(Beginning of INFORMATION)

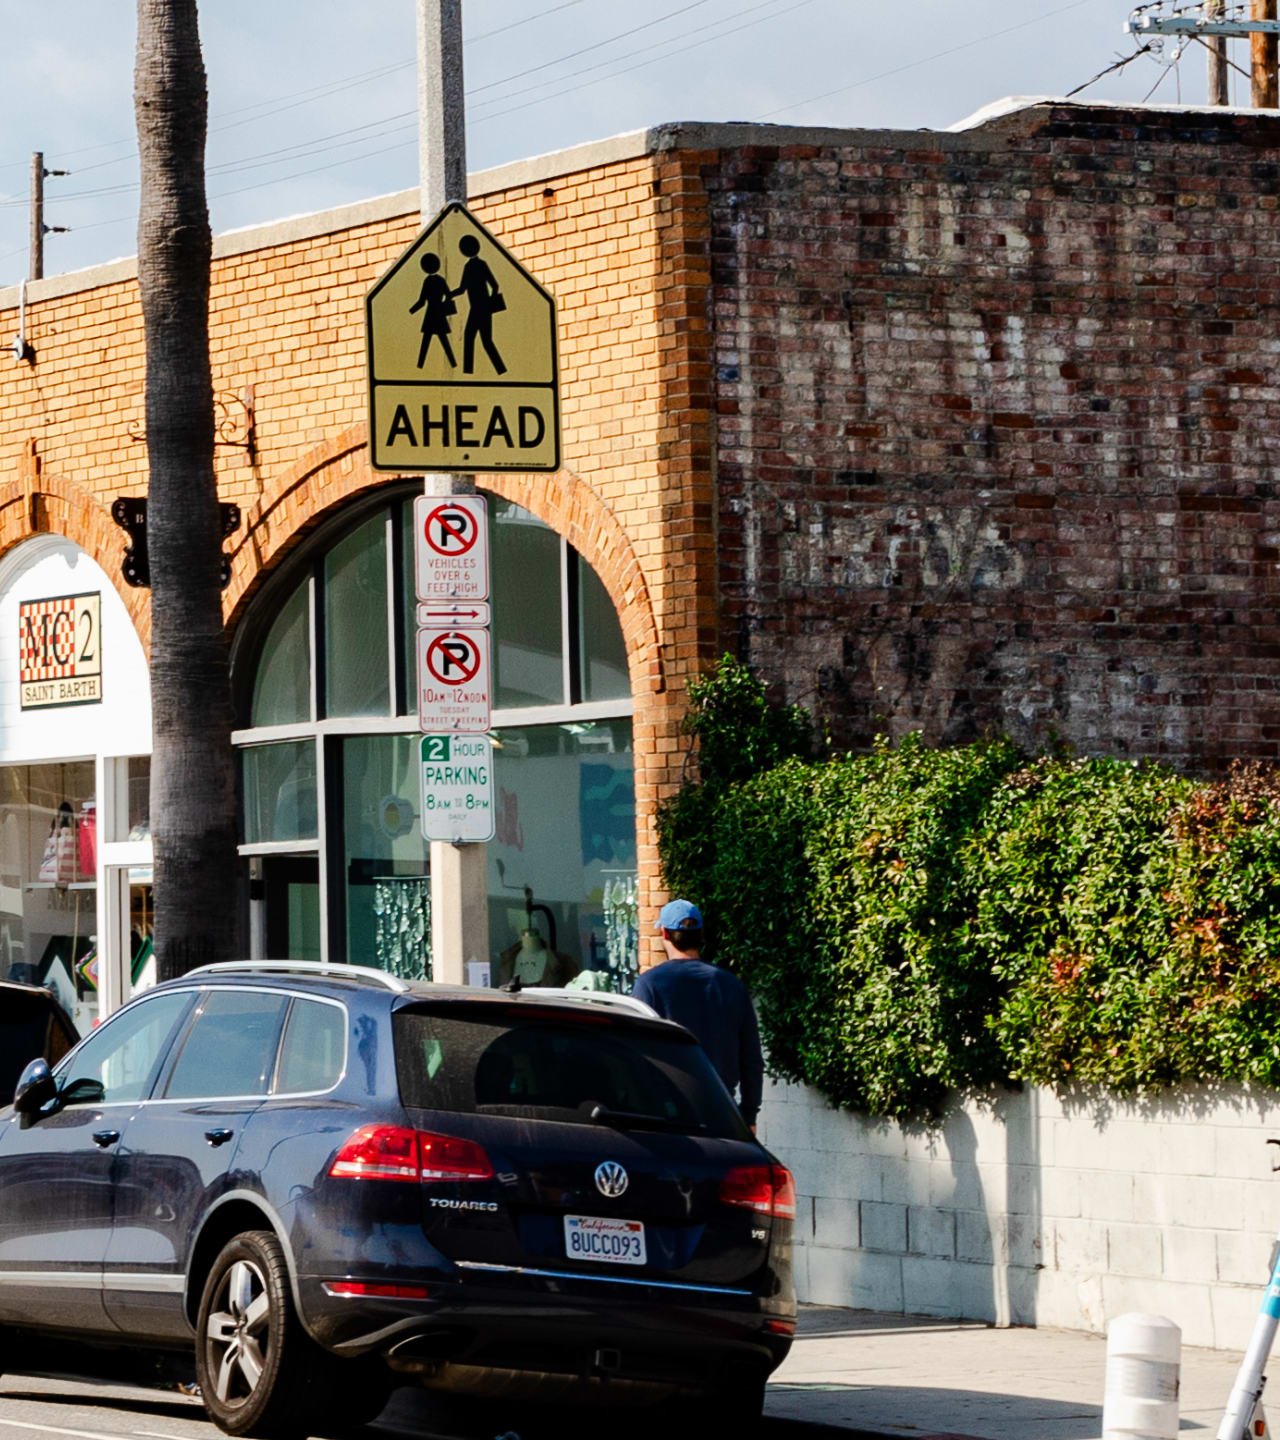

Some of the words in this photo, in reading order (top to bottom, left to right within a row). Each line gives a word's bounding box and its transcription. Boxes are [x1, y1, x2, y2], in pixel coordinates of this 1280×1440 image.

[386, 404, 545, 449] AHEAD
[428, 558, 477, 569] VEHICLES
[434, 571, 460, 581] OVER
[464, 570, 471, 581] 6
[427, 583, 450, 593] FEET
[454, 583, 478, 593] HIGH
[25, 684, 55, 702] SAINT
[59, 680, 97, 699] BARTH
[423, 688, 445, 703] 10AM
[453, 688, 487, 703] 12NOON
[428, 738, 444, 760] 2
[453, 743, 485, 756] HOUR
[426, 766, 487, 785] PARKING
[426, 793, 451, 810] 8AM
[466, 793, 489, 810] 8PM
[429, 1198, 499, 1211] TOUAREG
[580, 1219, 626, 1233] California
[751, 1229, 766, 1240] V6
[571, 1231, 641, 1257] 8UCC093

(End of INFORMATION)

*ACTIVITY*
If an entry contains a picture, omit it; restate everything else word for word.

*EXERCISE RESULT*
Some of the words in this photo, in reading order (top to bottom, left to right within a row). Each line gives a word's bounding box and its transcription. Boxes are [x1, y1, x2, y2], in pixel coordinates of this 1280×1440 image.

[386, 404, 545, 449] AHEAD
[428, 558, 477, 569] VEHICLES
[434, 571, 460, 581] OVER
[464, 570, 471, 581] 6
[427, 583, 450, 593] FEET
[454, 583, 478, 593] HIGH
[25, 684, 55, 702] SAINT
[59, 680, 97, 699] BARTH
[423, 688, 445, 703] 10AM
[453, 688, 487, 703] 12NOON
[428, 738, 444, 760] 2
[453, 743, 485, 756] HOUR
[426, 766, 487, 785] PARKING
[426, 793, 451, 810] 8AM
[466, 793, 489, 810] 8PM
[429, 1198, 499, 1211] TOUAREG
[580, 1219, 626, 1233] California
[751, 1229, 766, 1240] V6
[571, 1231, 641, 1257] 8UCC093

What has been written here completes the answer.